Earlier today, Janell Ross, writing for a Washington Post opinion site, attempted to defend business as usual by sliming Campus reform.
CampusReform.org is no ordinary college publication. It's wholly funded by the Leadership Institute, a Virginia-based nonprofit that aims to equip and train young conservative activists, journalists and future candidates, Morton Blackwell, a Reagan White House aide and the institute's founder and president, told me.
And perhaps Campus Reform doesn't matter because they only preach to the converted.
The team at CampusReform.org writes for an audience already converted to its cause or willing to be. Both Bonham and Blackwell mentioned that CampusReform.org's stories get picked up by the Drudge Report, Rush Limbaugh and Fox News. Sometimes CNN and ABC pick them up, too. Potential media appearances are one of the benefits that CampusReform.org can offer young journalists, both said.
Yes, and sunlight is the best disinfectant. Mx Ross herself sees that the guidelines are silly.
Of course, there are some suggestions in the Bias-Free Language Guide that will set more than a few eyes rolling — no matter your political affiliation.

For example, it turns to an oft-repeated ivory tower favorite that race is nothing more than a social construct. That's technically true. But some kind of language about race remains essential to understand the real world around us, much less the issues in the headlines. Another entry suggests that the term "undocumented immigrant" is preferable to the phrase "illegal alien" and explains why.
It may be preferable to the weenies, but illegal alien is resonating with a lot of people.
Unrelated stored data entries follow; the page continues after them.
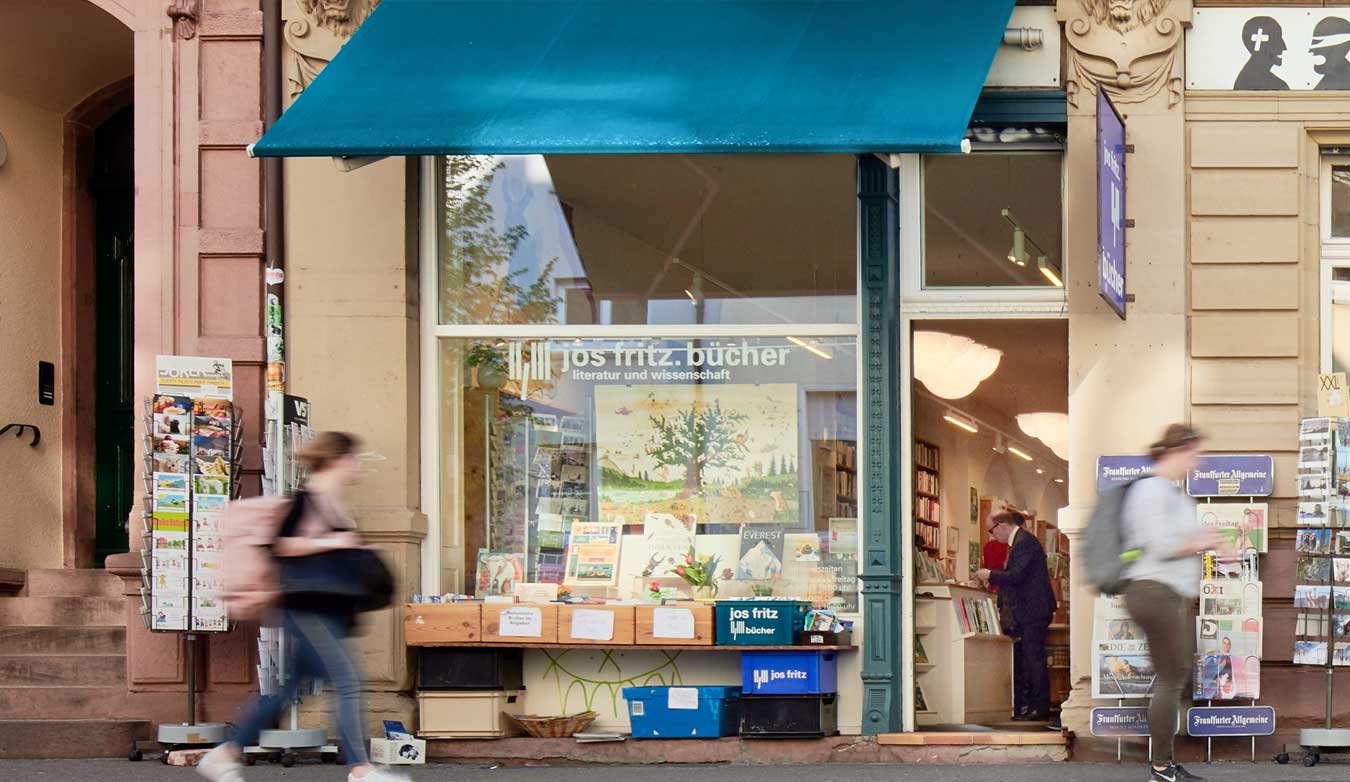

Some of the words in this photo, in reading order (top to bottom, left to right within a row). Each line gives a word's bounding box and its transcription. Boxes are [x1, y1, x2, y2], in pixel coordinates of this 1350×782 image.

[562, 343, 606, 372] jos
[687, 341, 791, 367] bücher
[572, 369, 621, 381] literatur
[624, 369, 648, 381] und
[650, 369, 731, 381] wissenschaft
[1320, 375, 1340, 392] XXL
[1103, 466, 1140, 478] Frankfurter
[1193, 469, 1230, 481] Frankfurter
[1230, 469, 1267, 480] Allgemeine
[743, 531, 782, 540] EVEREST
[729, 607, 750, 620] jos
[752, 607, 779, 619] fritz
[745, 626, 776, 635] bücher
[770, 669, 785, 681] jos
[786, 669, 807, 679] fritz
[1096, 713, 1136, 726] Frankfurter
[1193, 714, 1231, 727] Frankfurter
[1231, 714, 1268, 725] Allgemeine
And the insurgent media have effects.  The president of Zoo Hampshire first distanced himself. "The president of the University of New Hampshire said Wednesday he is troubled and offended by many parts of a 'bias-free language guide' posted on the school’s website, particularly a suggestion that using the word “American” is problematic because it fails to recognize South America."  But his mugging by reality is incomplete.
“The only UNH policy on speech is that it is free and unfettered on our campuses. It is ironic that what was probably a well-meaning effort to be ‘sensitive’ proves offensive to many people, myself included.”
No, if the insurgent media hadn't pointed it out, it would likely become policy.  If you want more evidence that reduced state funding is a consequence of higher education breaking its social contract with mainstream America, read on. "State Sen. Jeb Bradley, a Republican from Wolfeboro, said he was outraged by the guide and would remember it when lawmakers next consider how much money to provide to the university."
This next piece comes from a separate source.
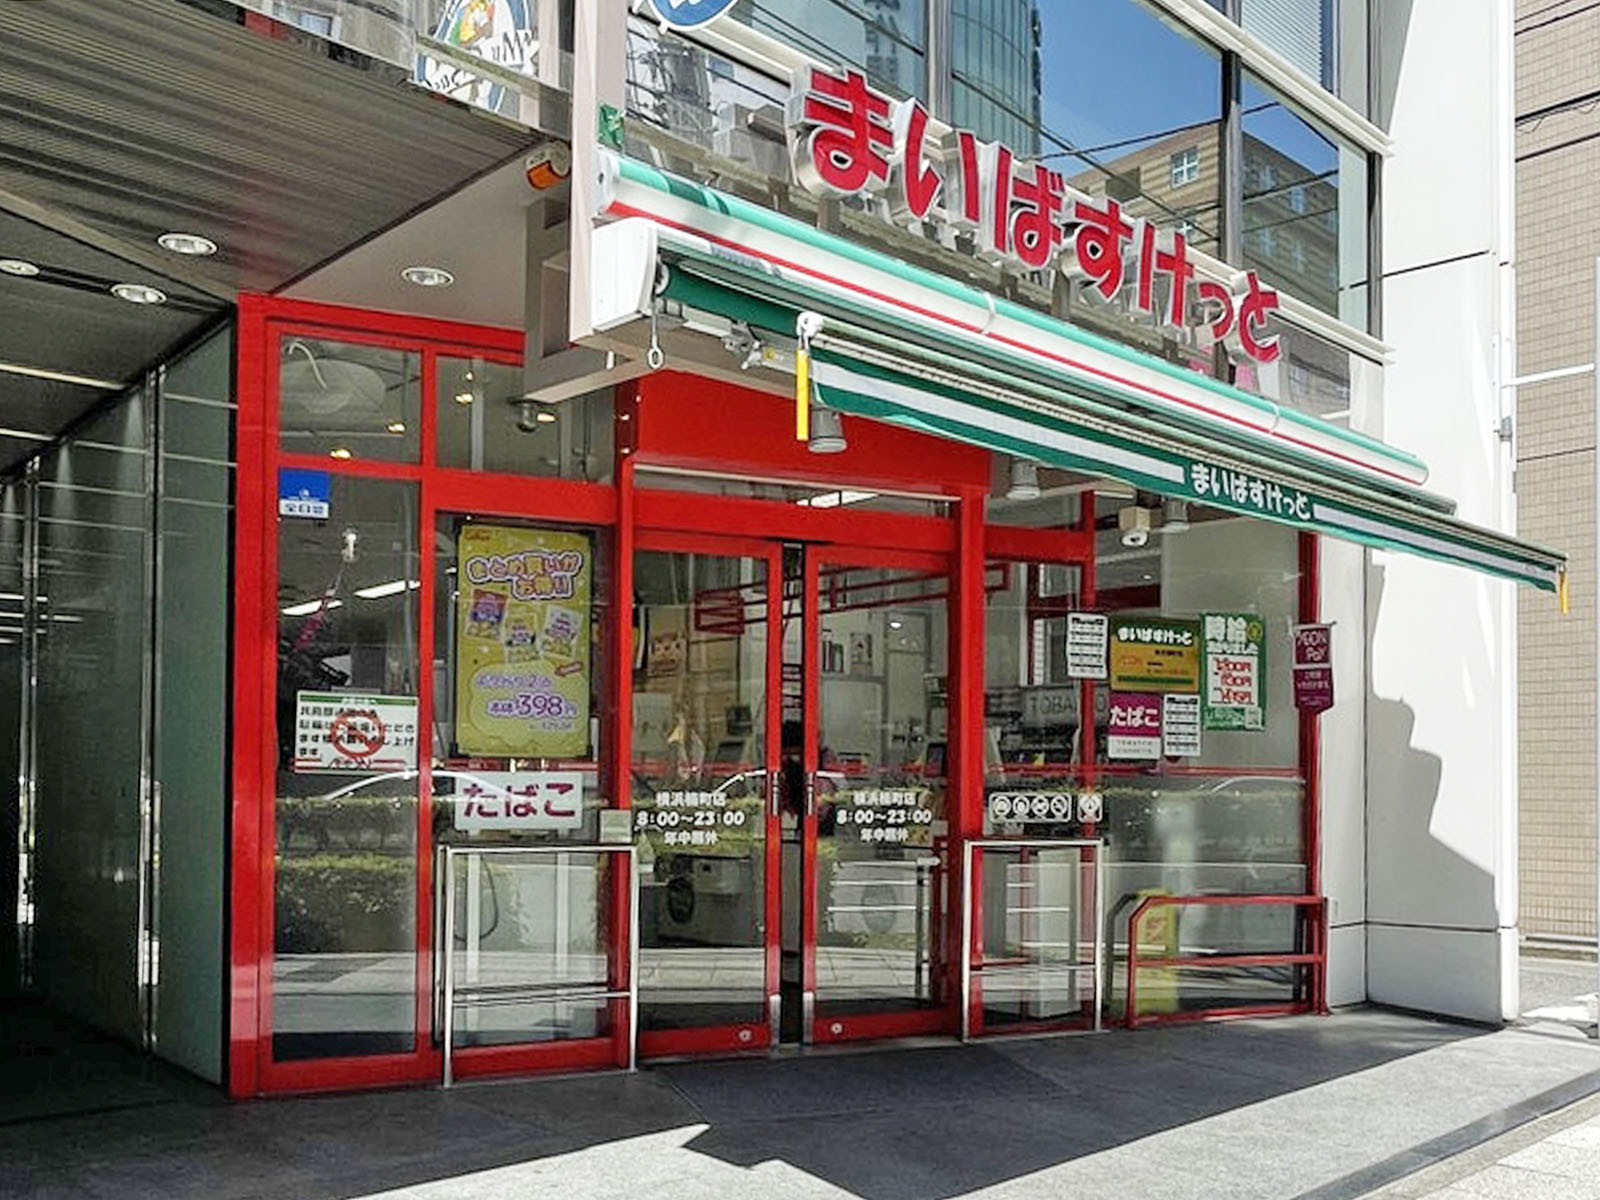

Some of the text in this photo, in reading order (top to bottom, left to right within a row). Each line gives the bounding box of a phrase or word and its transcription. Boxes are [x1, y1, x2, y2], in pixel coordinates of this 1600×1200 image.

[803, 67, 1282, 364] まいばすけっと
[1190, 462, 1311, 520] まいばすけっと
[1109, 705, 1159, 727] たばこ
[463, 783, 575, 817] たばこ
The guide has gone down the memory hole.  Fortunately, we are not (yet) living in Stalin's Russia, and members of Zoo Hampshire's presidential commissions on the usual identity politics shibboleths have not become nameless numbers on a list that will later be misplaced.  But it's all too much, even for the sympathetic Alyssa Rosenberg, also of the Washington Post.
But as a writer and a progressive, I want to launch another objection. Guides like these often promote an absolutely terrible approach to language and writing, offering up alternatives that are simultaneously impoverished and clunky. College is absolutely a time when students will and should encounter new people, new experiences and new ways of looking at the world. But we should give them worthy language to express their newfound compassion and cosmopolitanism, rather than saddling them with awkward constructions that won’t help advance their ideas.
Not that it helps, "gay" is on its way out, in part because of the way the cartoon characters of South Park used it, and it's easy enough to put the same pejorative intonation into "person of size" that used to apply to "fatty."  And so it goes.  And Margaret Soltan of University Diaries, no reactionary, summarized the project as "[I]t takes the Orwellian business of replacing short clear simple descriptive words with long pretentious empty euphemisms to new heights."

And thus, Campus Reform performs a corporal act of mercy by calling this silliness out.